Although this evidence is encouraging, it would be unwise for service providers to rush to adopt the child-inclusive model of practice without appropriate infrastructure being put in place. As this is a psychological, family-level intervention, the role of child consultant requires high levels of expertise and experience in dealing with both parents and children in distress, underpinned by a strong foundation in child development and experience working with complex issues for children. A high level of expertise in dealing with complex clinical and family issues and dynamics is also necessary. Given these requirements, appropriate professional standards and provision for ongoing supervision are critical, as is training in the application of child-inclusive practice to family dispute resolution.

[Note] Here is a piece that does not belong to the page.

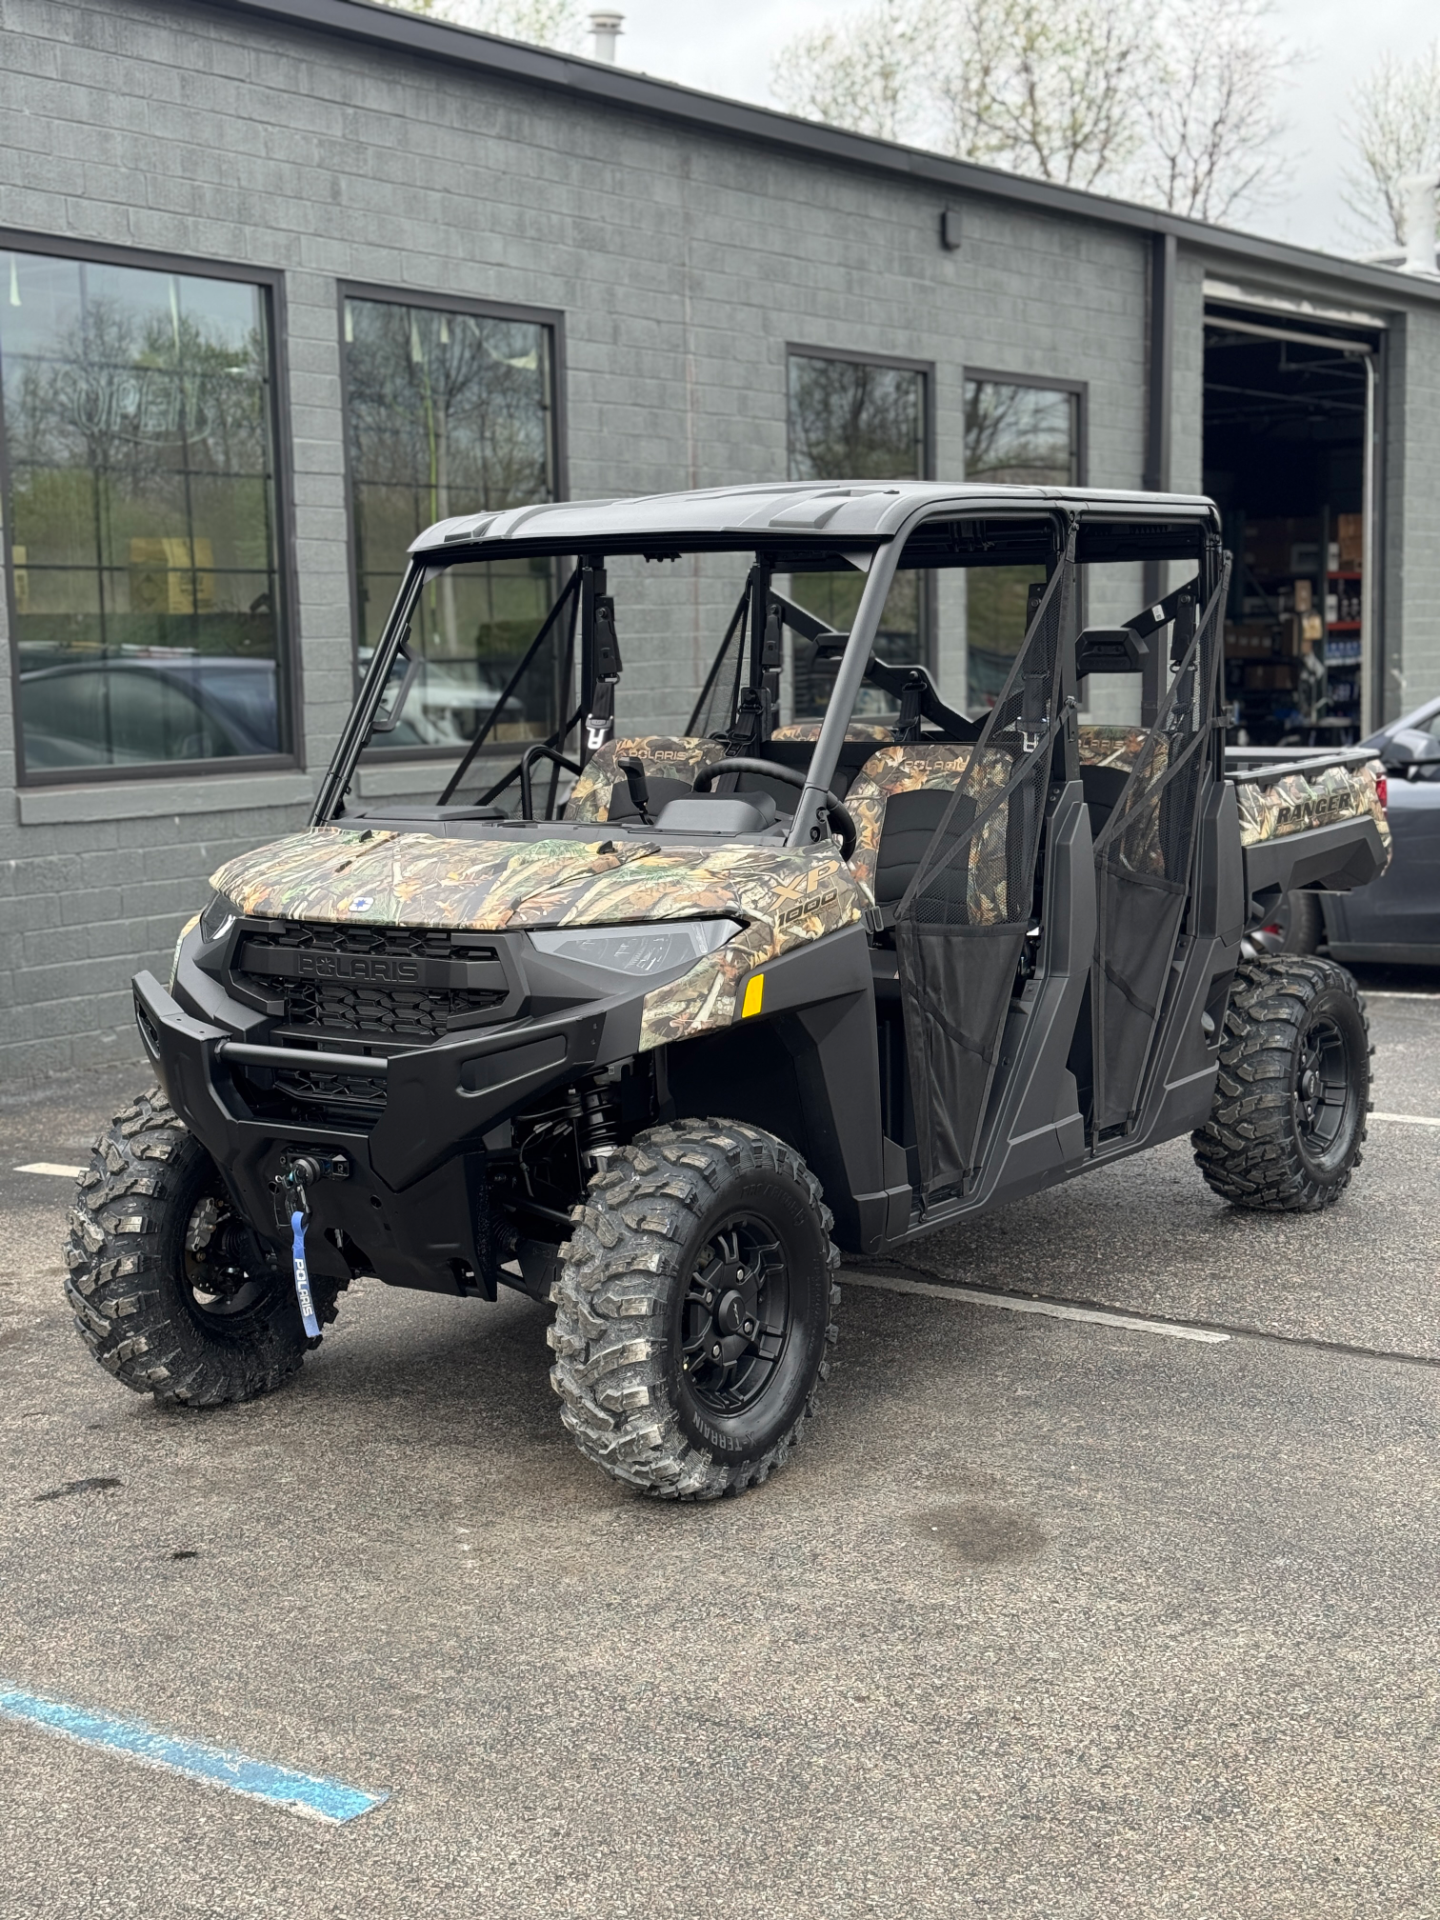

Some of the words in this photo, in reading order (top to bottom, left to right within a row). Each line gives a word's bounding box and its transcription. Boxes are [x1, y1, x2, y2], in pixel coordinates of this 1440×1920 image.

After the initial set-up costs of adopting child-inclusive family dispute resolution practices and the time required to interview children, this approach does not require a substantially greater commitment of practitioner time than in the parent-only approach. The indirect costs of ongoing supervision, training and consultation across professionals involved in a case can be weighed against the savings derived from the prevention of escalating conflict. The issue of cost also points to the need for highly developed screening procedures so that only those families who require it are referred to the child-inclusive intervention. Arguably, the greater issue is whether child-inclusive practice in family dispute resolution cases is perceived as a cost or as an investment in the future.